Gavino raised his hand. “We’ll be fighting at night, then?”
“No. We have our wizard allies to think of, and they don’t see well in the dark.” Killian glanced at the smart board, which was currently displaying pictures of Queen Nyte and Consort Ira. “Ideally the fight will begin at sunset. It will give the wizards enough light to see by, and won’t hinder us much. But that will put a time limit on us. We’ll want to defeat Queen Nyte and her consort by the time night falls, or we’ll lose our advantage.”
Now it was Celestina’s turn to raise her hand. (Not gonna lie, it was pretty cute to see Killian posing like a teacher and his vampires obediently raising their hands.)
When Killian nodded, the First Knight stood. “It seems the best strategy will be to target Queen Nyte and Consort Ira, capture them, and demand their surrender?”
“Indeed.” Killian casually rested his hand on the bottom rim of the whiteboard. “That is the tentative plan, given that it will provide the least bloodshed and the fastest win.”
Mrs. Clark slowly raised her hand, sitting a little deeper in her chair when the vampires flicked their eyes in her direction.
“Yes, Mrs. Clark,” Killian said.
She straightened, her mouth making an ‘o’ shape in her surprise of Killian knowing her name.
(I wasn’t surprised. Mr. Paranoid probably had flashcards made so he could recognize all of my people on sight. Which was kind of touching if you thought about it.)
“What if we capture them and they don’t surrender? Presumably they’ll be executed, but what about the rest of their troops?”
“In fae Courts, the ruler’s orders are absolute,” Killian said. “But once that ruler is no longer alive or in power, the fae are no longer obligated to follow those orders.”
Momoko chewed on her lip. “So the fighting will stop once we take out those two rats?” She spoke quietly, and probably only meant for us wizards to hear.
But vampire hearing was a thing, so Killian said, “Yes.
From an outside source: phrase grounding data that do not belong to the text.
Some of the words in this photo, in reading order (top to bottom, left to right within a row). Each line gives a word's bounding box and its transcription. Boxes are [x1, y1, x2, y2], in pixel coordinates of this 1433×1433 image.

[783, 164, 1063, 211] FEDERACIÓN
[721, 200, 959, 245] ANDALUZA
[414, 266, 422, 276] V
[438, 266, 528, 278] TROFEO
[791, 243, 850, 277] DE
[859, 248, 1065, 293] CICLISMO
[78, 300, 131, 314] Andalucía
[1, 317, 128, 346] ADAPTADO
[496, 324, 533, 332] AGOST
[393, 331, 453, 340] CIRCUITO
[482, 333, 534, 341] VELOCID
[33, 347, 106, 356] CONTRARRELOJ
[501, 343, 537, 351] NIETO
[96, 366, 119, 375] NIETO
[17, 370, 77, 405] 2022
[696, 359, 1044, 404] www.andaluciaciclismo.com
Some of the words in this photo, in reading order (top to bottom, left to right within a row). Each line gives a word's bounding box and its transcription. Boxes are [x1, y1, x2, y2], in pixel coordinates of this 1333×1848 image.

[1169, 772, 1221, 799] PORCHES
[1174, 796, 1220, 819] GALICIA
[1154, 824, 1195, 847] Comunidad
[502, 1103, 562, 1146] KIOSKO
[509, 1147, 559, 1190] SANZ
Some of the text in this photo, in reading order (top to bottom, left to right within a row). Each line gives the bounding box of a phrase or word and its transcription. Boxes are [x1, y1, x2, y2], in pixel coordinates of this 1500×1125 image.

If we provide a proper motivation, they will definitely give up. Fae are selfish things. They have no desire to die for monarchs who are no longer around to protect them.”
Manjeet raised his hand. “Then I imagine we will need a specific strategy to capture Queen Nyte and Consort Ira, given that they will probably spend the bulk of their resources protecting themselves.”
“Exactly. I haven’t settled on a strategy quite yet,” Killian said. “But I do believe it will involve intermingling wizard and vampire forces. Wizards are capable of shielding fae magic and in some cases breaking it, while vampire troops are more skilled at whatever offensive strikes we decide to go with.” Killian glanced at me, which I knew was my cue.
I stood and joined Killian by the smart board. “That’s why we’ll be holding daily joint practices,” I announced. “Allowing us to grow familiar with the process of fighting together.”
“Our strategy will shape and take form as we discover how we best move together,” Killian said.
I hesitated, then added, “Although I personally would like us to experiment and try new things.”
All eyes in the room shifted to me. It was a little intimidating, mostly because I didn’t know what I was talking about and was going entirely based off what Leila and the Paragon had said. “After speaking to several fae, it seems the way to best minimize bloodshed would be to catch the Night Court off guard—as we wizards did at the Curia Cloisters.”
A vampire I recognized but didn’t know by name raised his hand. “Wouldn’t it be easier to overwhelm them with our combined forces? With wizards shielding, we vampires will have an easier go of it.”
“It’s probably the most solid strategy,” I agreed. “But if we can surprise them and catch them in a way they didn’t expect, they should be easier to handle. Fae are prideful and deeply believe in their own intellect. Surprising them would ideally make their forces crumble.”